We propose adding a hardware accelerator to do the index conversion. The accelerator we propose will do the three steps altogether in one instruction. If the (x, y) point is within bounds, it returns the index of the image pixel. Otherwise, it returns -1. We implement the accelerator in GPGPU-sim as an instruction and use inline assembly in the convolution kernel to invoke the instruction. The modified program is listed in Figure 33. The performance improvement of using the index converter is listed in Figure 34. The overall performance is improved by 5%.

5. Related Work

Accelerating convolutional neural networks is a very popular research topic. Accelerators have been developed in different hardware technologies. Eyeriss [9][15] developed by Yu-Hsin Chen et al. is an ASIC CNN accelerator that can run AlexNet at 35fps with only 278mW of power consumption. There are other ASIC accelerators proposed to exploit the redundancy of CNN networks [16][17][18]. Cheng Zhang [10] implemented a CNN accelerator on FPGA and achieved 61.62 GFLOPS under 100MHz clock frequency. He also proposed an analytical design scheme using the roofline model.
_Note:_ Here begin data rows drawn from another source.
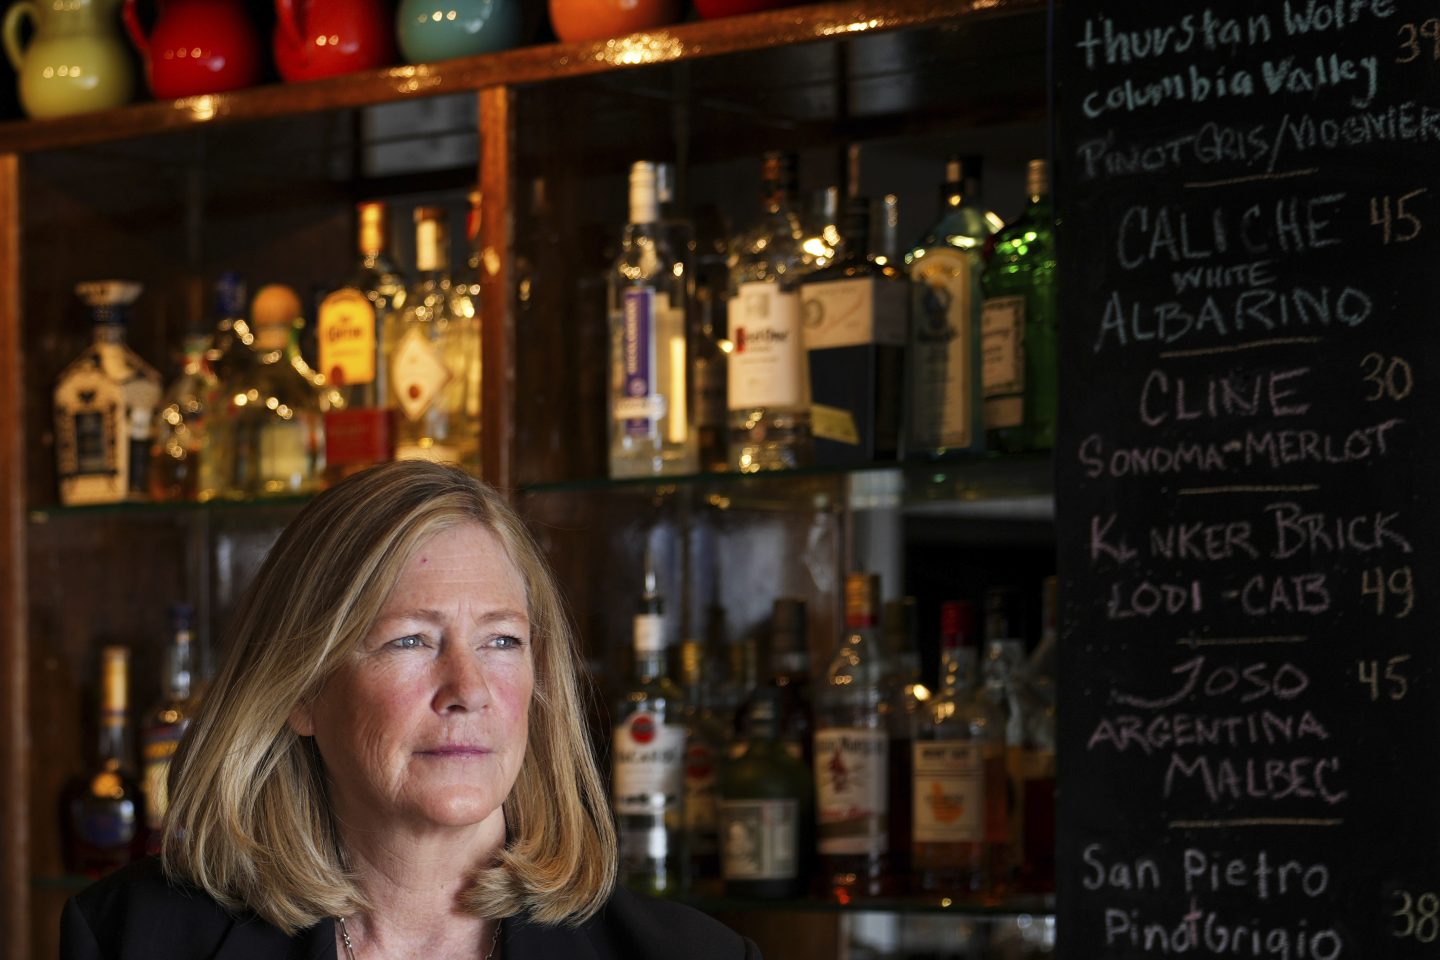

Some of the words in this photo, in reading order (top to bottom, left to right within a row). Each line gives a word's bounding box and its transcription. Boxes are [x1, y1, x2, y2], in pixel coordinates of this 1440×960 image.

[1076, 8, 1272, 69] thurstan
[1082, 63, 1254, 119] columbia
[1262, 53, 1379, 109] Valley
[1117, 192, 1347, 270] CALICHE
[1369, 187, 1428, 245] 45
[1171, 259, 1278, 295] WHITE
[1093, 286, 1373, 353] ALBARINO
[1139, 366, 1311, 427] CLINE
[1360, 352, 1414, 402] 30
[1078, 418, 1407, 479] SONOMA-MERLOT
[1090, 511, 1259, 564] KLNKER
[1264, 501, 1413, 559] BRICK
[1108, 578, 1204, 620] LODI
[1361, 565, 1414, 618] 49
[1358, 654, 1412, 701] 45
[1086, 710, 1331, 753] ARGENTINA
[1163, 753, 1349, 804] MALBEC
[1081, 843, 1161, 891] San
[1182, 848, 1330, 900] Pietro
[1391, 889, 1440, 943] 38
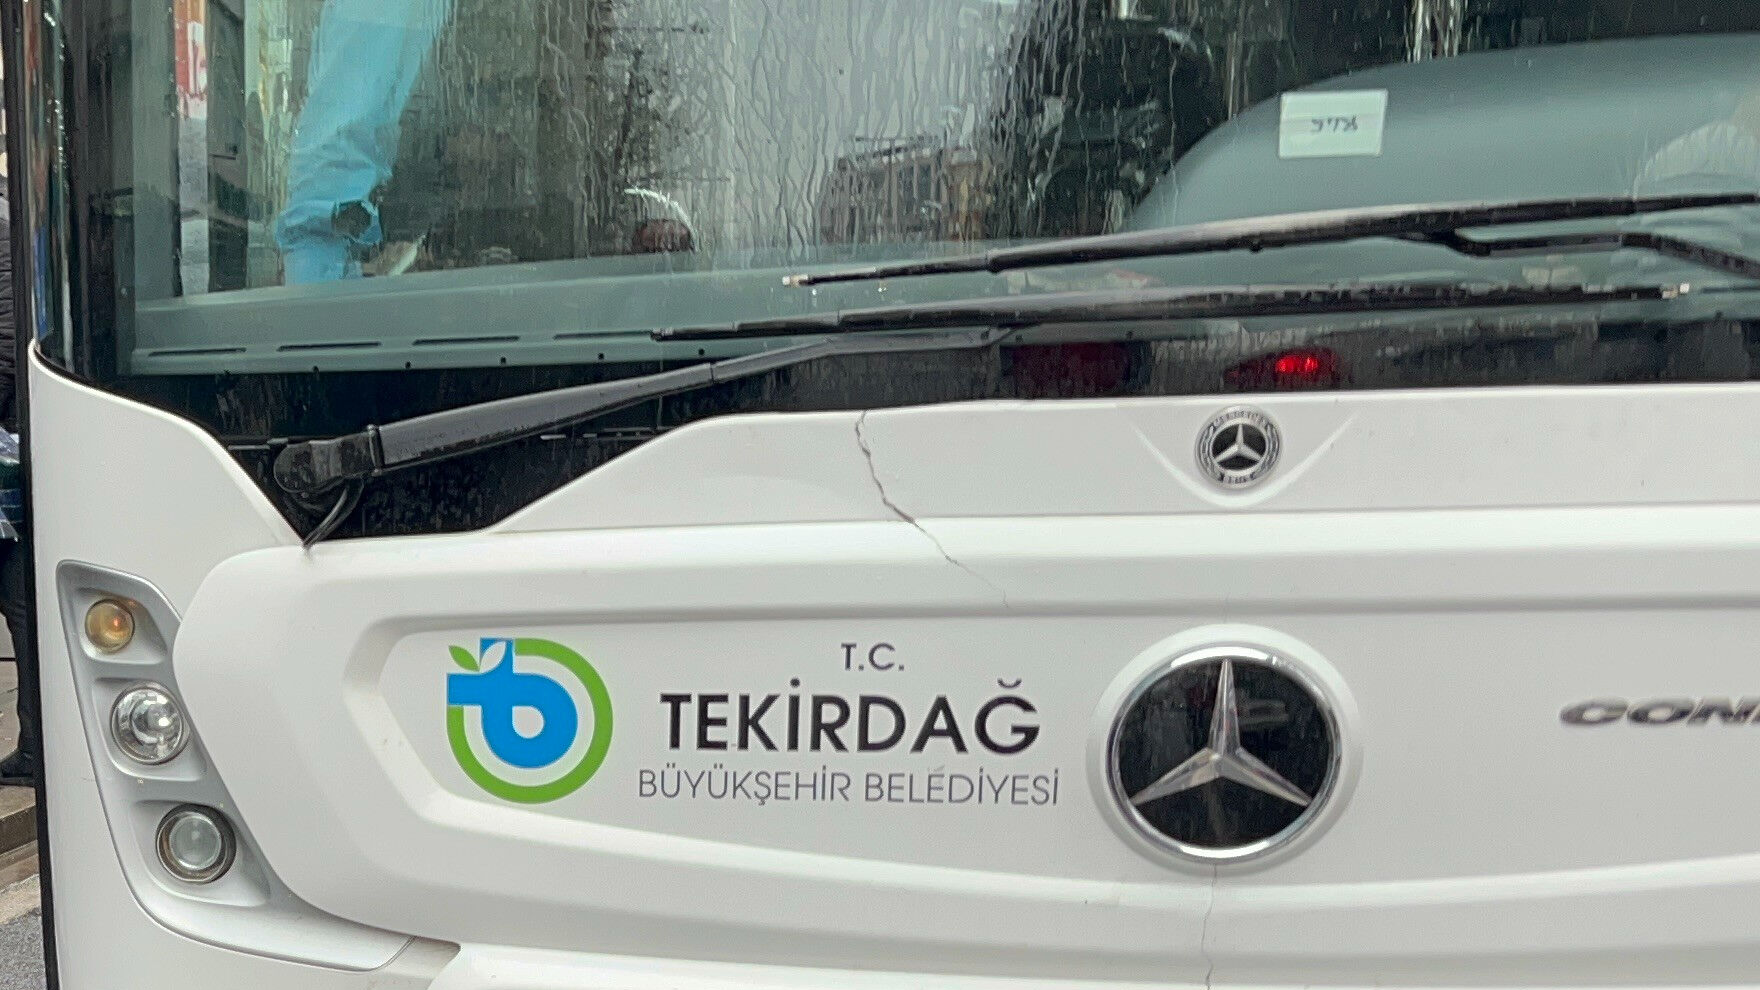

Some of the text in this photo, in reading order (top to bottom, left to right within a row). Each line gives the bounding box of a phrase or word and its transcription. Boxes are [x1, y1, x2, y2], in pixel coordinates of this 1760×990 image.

[841, 642, 906, 672] T.C.
[659, 677, 1041, 756] TEKİRDAĞ
[639, 763, 851, 807] BÜYÜKŞEHİR
The GPGPU is also a widely-used platform for CNN. NVidia developed a software library named cuDNN [2] that uses GPGPU to speed up convolution. When integrated with the Caffe framework, it can improve the performance by up to 36%. However, the cuDNN library is proprietary and cannot be studied by the community. The fbfft library [4] also uses GPGPU to speed up CNN, but it employs a different algorithm (FFT) to compute convolution. Cuda-convnet2 is an efficient implementation of CNN for NVidia GPGPU. It is by far the fastest open-source CNN implementation. However, it lacks analysis on the techniques it uses to improve the performance.

6. Conclusion

This paper describes an implementation of the convolution operation on NVidia GPGPU and analyze the techniques in the implementation. We propose software and hardware enhancements to the program to speed up the computation of partial sums and loading the input data, which are the two major bottlenecks. The experiments have shown that the proposed modifications have achieved 4.4x speedup compared with the baseline implementation.